## Your goal
Each line below must be set down exactly as it stands.

******

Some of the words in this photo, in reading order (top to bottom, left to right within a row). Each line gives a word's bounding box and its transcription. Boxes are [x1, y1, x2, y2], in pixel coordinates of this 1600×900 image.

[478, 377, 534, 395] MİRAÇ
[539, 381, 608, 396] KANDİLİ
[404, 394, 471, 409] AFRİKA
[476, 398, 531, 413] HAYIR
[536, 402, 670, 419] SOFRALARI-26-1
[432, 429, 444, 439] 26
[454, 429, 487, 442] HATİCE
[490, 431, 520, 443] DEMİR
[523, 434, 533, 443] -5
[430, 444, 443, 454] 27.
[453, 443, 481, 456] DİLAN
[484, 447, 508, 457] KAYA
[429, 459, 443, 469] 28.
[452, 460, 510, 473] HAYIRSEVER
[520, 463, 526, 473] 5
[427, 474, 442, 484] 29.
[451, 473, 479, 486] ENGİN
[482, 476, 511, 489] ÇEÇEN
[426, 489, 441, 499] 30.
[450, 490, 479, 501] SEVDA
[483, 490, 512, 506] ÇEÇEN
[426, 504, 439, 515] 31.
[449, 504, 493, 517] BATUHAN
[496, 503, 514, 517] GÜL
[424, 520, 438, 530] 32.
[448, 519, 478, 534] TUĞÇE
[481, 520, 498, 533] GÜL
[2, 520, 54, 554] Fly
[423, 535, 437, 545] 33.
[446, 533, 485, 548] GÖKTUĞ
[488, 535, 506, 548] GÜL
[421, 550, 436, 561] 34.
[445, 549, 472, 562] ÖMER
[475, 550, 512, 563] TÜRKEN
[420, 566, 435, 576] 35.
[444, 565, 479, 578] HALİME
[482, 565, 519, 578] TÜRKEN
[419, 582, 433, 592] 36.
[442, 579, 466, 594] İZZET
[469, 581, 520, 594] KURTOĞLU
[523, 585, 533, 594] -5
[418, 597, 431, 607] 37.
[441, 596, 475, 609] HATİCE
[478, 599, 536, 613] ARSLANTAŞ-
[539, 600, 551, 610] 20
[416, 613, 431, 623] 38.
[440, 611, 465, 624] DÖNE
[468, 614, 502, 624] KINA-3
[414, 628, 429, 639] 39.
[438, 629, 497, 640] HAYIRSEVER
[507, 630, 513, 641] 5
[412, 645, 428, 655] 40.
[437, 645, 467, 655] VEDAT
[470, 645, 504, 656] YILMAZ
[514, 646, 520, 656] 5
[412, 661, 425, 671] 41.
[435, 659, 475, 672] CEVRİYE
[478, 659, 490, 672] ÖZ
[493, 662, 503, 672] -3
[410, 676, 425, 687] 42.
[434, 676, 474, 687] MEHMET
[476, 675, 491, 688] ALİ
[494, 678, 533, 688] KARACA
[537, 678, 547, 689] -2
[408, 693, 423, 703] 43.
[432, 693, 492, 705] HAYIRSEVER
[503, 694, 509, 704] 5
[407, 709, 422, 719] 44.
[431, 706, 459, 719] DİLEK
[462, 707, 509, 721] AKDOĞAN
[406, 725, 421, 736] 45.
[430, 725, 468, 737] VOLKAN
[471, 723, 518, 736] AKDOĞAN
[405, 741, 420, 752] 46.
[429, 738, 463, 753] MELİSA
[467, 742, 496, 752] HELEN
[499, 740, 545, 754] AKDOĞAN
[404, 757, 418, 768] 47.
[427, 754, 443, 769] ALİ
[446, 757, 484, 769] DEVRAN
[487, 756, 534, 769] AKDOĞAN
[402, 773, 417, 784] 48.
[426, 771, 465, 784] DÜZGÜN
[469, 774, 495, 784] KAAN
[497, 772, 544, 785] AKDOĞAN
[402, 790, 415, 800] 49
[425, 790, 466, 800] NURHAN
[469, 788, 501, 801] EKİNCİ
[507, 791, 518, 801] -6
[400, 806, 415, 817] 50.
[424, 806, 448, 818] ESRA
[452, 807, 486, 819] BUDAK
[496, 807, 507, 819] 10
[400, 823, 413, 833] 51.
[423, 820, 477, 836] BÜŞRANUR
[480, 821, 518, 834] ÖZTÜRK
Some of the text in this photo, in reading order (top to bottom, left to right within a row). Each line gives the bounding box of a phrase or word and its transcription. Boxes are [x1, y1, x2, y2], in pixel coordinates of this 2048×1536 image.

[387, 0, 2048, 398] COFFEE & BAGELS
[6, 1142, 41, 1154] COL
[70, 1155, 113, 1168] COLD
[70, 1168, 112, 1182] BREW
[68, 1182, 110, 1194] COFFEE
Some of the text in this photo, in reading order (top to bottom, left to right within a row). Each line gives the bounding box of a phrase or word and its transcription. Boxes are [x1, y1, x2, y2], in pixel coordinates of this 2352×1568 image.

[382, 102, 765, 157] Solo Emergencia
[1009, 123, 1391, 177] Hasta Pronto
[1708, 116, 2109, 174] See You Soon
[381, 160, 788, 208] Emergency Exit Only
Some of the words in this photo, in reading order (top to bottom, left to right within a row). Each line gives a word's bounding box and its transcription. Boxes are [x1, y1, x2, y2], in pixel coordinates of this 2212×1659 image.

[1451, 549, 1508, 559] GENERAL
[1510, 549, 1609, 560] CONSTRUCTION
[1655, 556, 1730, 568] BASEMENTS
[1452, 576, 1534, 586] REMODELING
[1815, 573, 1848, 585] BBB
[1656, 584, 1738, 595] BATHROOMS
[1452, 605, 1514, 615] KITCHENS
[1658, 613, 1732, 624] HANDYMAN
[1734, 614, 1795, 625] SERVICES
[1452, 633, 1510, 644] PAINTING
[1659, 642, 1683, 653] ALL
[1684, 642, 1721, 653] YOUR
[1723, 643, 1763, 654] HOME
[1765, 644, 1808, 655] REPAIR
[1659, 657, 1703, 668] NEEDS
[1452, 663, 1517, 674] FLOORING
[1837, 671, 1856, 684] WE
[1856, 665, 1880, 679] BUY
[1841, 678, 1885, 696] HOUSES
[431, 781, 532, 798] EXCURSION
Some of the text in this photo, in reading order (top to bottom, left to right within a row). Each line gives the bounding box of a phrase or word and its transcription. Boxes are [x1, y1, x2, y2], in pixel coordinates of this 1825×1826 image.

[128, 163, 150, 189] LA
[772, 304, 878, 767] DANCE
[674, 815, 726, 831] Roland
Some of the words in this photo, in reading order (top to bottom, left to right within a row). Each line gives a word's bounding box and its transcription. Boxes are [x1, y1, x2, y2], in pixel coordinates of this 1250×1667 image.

******

## Solution
Some of the words in this photo, in reading order (top to bottom, left to right within a row). Each line gives a word's bounding box and its transcription. Boxes are [x1, y1, x2, y2], in pixel coordinates of this 1600×900 image.

[478, 377, 534, 395] MİRAÇ
[539, 381, 608, 396] KANDİLİ
[404, 394, 471, 409] AFRİKA
[476, 398, 531, 413] HAYIR
[536, 402, 670, 419] SOFRALARI-26-1
[432, 429, 444, 439] 26
[454, 429, 487, 442] HATİCE
[490, 431, 520, 443] DEMİR
[523, 434, 533, 443] -5
[430, 444, 443, 454] 27.
[453, 443, 481, 456] DİLAN
[484, 447, 508, 457] KAYA
[429, 459, 443, 469] 28.
[452, 460, 510, 473] HAYIRSEVER
[520, 463, 526, 473] 5
[427, 474, 442, 484] 29.
[451, 473, 479, 486] ENGİN
[482, 476, 511, 489] ÇEÇEN
[426, 489, 441, 499] 30.
[450, 490, 479, 501] SEVDA
[483, 490, 512, 506] ÇEÇEN
[426, 504, 439, 515] 31.
[449, 504, 493, 517] BATUHAN
[496, 503, 514, 517] GÜL
[424, 520, 438, 530] 32.
[448, 519, 478, 534] TUĞÇE
[481, 520, 498, 533] GÜL
[2, 520, 54, 554] Fly
[423, 535, 437, 545] 33.
[446, 533, 485, 548] GÖKTUĞ
[488, 535, 506, 548] GÜL
[421, 550, 436, 561] 34.
[445, 549, 472, 562] ÖMER
[475, 550, 512, 563] TÜRKEN
[420, 566, 435, 576] 35.
[444, 565, 479, 578] HALİME
[482, 565, 519, 578] TÜRKEN
[419, 582, 433, 592] 36.
[442, 579, 466, 594] İZZET
[469, 581, 520, 594] KURTOĞLU
[523, 585, 533, 594] -5
[418, 597, 431, 607] 37.
[441, 596, 475, 609] HATİCE
[478, 599, 536, 613] ARSLANTAŞ-
[539, 600, 551, 610] 20
[416, 613, 431, 623] 38.
[440, 611, 465, 624] DÖNE
[468, 614, 502, 624] KINA-3
[414, 628, 429, 639] 39.
[438, 629, 497, 640] HAYIRSEVER
[507, 630, 513, 641] 5
[412, 645, 428, 655] 40.
[437, 645, 467, 655] VEDAT
[470, 645, 504, 656] YILMAZ
[514, 646, 520, 656] 5
[412, 661, 425, 671] 41.
[435, 659, 475, 672] CEVRİYE
[478, 659, 490, 672] ÖZ
[493, 662, 503, 672] -3
[410, 676, 425, 687] 42.
[434, 676, 474, 687] MEHMET
[476, 675, 491, 688] ALİ
[494, 678, 533, 688] KARACA
[537, 678, 547, 689] -2
[408, 693, 423, 703] 43.
[432, 693, 492, 705] HAYIRSEVER
[503, 694, 509, 704] 5
[407, 709, 422, 719] 44.
[431, 706, 459, 719] DİLEK
[462, 707, 509, 721] AKDOĞAN
[406, 725, 421, 736] 45.
[430, 725, 468, 737] VOLKAN
[471, 723, 518, 736] AKDOĞAN
[405, 741, 420, 752] 46.
[429, 738, 463, 753] MELİSA
[467, 742, 496, 752] HELEN
[499, 740, 545, 754] AKDOĞAN
[404, 757, 418, 768] 47.
[427, 754, 443, 769] ALİ
[446, 757, 484, 769] DEVRAN
[487, 756, 534, 769] AKDOĞAN
[402, 773, 417, 784] 48.
[426, 771, 465, 784] DÜZGÜN
[469, 774, 495, 784] KAAN
[497, 772, 544, 785] AKDOĞAN
[402, 790, 415, 800] 49
[425, 790, 466, 800] NURHAN
[469, 788, 501, 801] EKİNCİ
[507, 791, 518, 801] -6
[400, 806, 415, 817] 50.
[424, 806, 448, 818] ESRA
[452, 807, 486, 819] BUDAK
[496, 807, 507, 819] 10
[400, 823, 413, 833] 51.
[423, 820, 477, 836] BÜŞRANUR
[480, 821, 518, 834] ÖZTÜRK
Some of the text in this photo, in reading order (top to bottom, left to right within a row). Each line gives the bounding box of a phrase or word and its transcription. Boxes are [x1, y1, x2, y2], in pixel coordinates of this 2048×1536 image.

[387, 0, 2048, 398] COFFEE & BAGELS
[6, 1142, 41, 1154] COL
[70, 1155, 113, 1168] COLD
[70, 1168, 112, 1182] BREW
[68, 1182, 110, 1194] COFFEE
Some of the text in this photo, in reading order (top to bottom, left to right within a row). Each line gives the bounding box of a phrase or word and its transcription. Boxes are [x1, y1, x2, y2], in pixel coordinates of this 2352×1568 image.

[382, 102, 765, 157] Solo Emergencia
[1009, 123, 1391, 177] Hasta Pronto
[1708, 116, 2109, 174] See You Soon
[381, 160, 788, 208] Emergency Exit Only
Some of the words in this photo, in reading order (top to bottom, left to right within a row). Each line gives a word's bounding box and its transcription. Boxes are [x1, y1, x2, y2], in pixel coordinates of this 2212×1659 image.

[1451, 549, 1508, 559] GENERAL
[1510, 549, 1609, 560] CONSTRUCTION
[1655, 556, 1730, 568] BASEMENTS
[1452, 576, 1534, 586] REMODELING
[1815, 573, 1848, 585] BBB
[1656, 584, 1738, 595] BATHROOMS
[1452, 605, 1514, 615] KITCHENS
[1658, 613, 1732, 624] HANDYMAN
[1734, 614, 1795, 625] SERVICES
[1452, 633, 1510, 644] PAINTING
[1659, 642, 1683, 653] ALL
[1684, 642, 1721, 653] YOUR
[1723, 643, 1763, 654] HOME
[1765, 644, 1808, 655] REPAIR
[1659, 657, 1703, 668] NEEDS
[1452, 663, 1517, 674] FLOORING
[1837, 671, 1856, 684] WE
[1856, 665, 1880, 679] BUY
[1841, 678, 1885, 696] HOUSES
[431, 781, 532, 798] EXCURSION
Some of the text in this photo, in reading order (top to bottom, left to right within a row). Each line gives the bounding box of a phrase or word and its transcription. Boxes are [x1, y1, x2, y2], in pixel coordinates of this 1825×1826 image.

[128, 163, 150, 189] LA
[772, 304, 878, 767] DANCE
[674, 815, 726, 831] Roland
Some of the words in this photo, in reading order (top to bottom, left to right within a row). Each line gives a word's bounding box and its transcription. Boxes are [x1, y1, x2, y2], in pixel coordinates of this 1250×1667 image.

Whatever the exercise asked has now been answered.